WASHINGTON—The Federal Reserve this week held interest rates steady, a shock to observers who assumed geopolitical tensions and rising oil prices may have moved the board to cut rates.
Fed Chair Jerome Powell stressed in a Wednesday briefing that the board was holding steady as events in the Middle East played out.
“In the near term, higher energy prices will push up overall inflation,” Powell said, “but it is too soon to know the scope and duration of the potential effects on the economy.”
Fed Governor Stephen Miran, a Trump appointee, dissented from the decision, favoring a rate cut rather than maintaining the current range of 3.5% to 3.75%.
“The thing I really want to emphasize is that nobody knows,” Powell added. “The economic effects could be bigger, they could be smaller or they could be much smaller or much bigger. We just don’t know.”
Stressing the unusually high level of uncertainty facing policymakers became a theme of Powell’s press briefing.
Powell said the Federal Reserve is guided by past oil price spikes, which have typically been temporary and had little lasting impact on inflation. However, after five years of inflation running above its 2% target, he added that the Fed remains vigilant for signs of more persistent price pressures.
He also noted that the United States’ position as a net energy exporter could help offset some negative impacts. Higher oil prices may weigh on consumers worldwide, but they also boost profitability for domestic energy companies, potentially leading to increased drilling and investment. Over the longer term, sustained elevated oil prices could drive further expansion in domestic energy production, as firms respond to stronger incentives to increase supply.

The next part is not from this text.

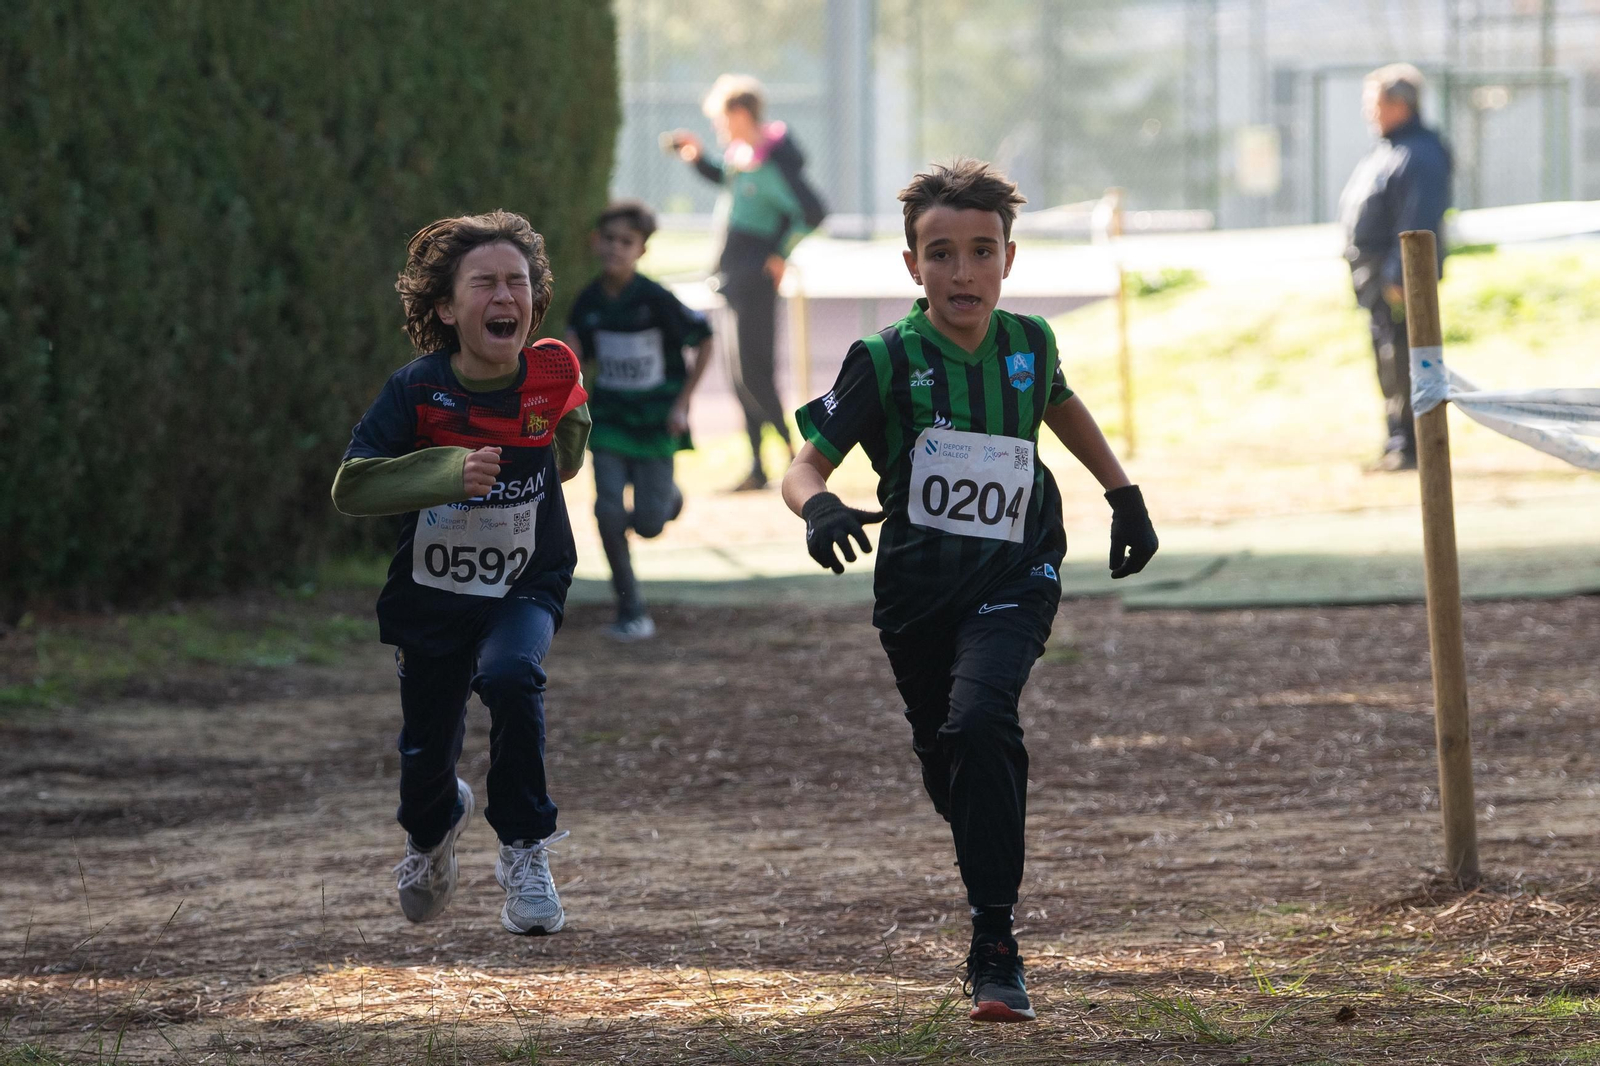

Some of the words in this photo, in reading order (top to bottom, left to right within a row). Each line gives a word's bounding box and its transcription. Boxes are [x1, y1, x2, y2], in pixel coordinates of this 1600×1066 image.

One moment of certainty was the continued pattern of the Federal Reserve fighting persistent inflation and a weakening labor market.
Since September, Powell has emphasized the challenge of balancing the Fed’s dual mandate which is maintaining price stability while maximizing employment. “We are balancing these two goals in a situation where the risks to the labor market are to the downside which would call for lower rates and the risks to inflation are to the upside which would call for higher rates and not cutting.” Ultimately, the Federal Reserve chose to leave rates unchanged in an effort to balance these competing pressures.
Powell’s March meeting marked his second-to-last as Fed chair before his successor, Kevin Warsh, is sworn in. Powell confirmed that he will serve out the remainder of his term until Warsh is officially confirmed as chair.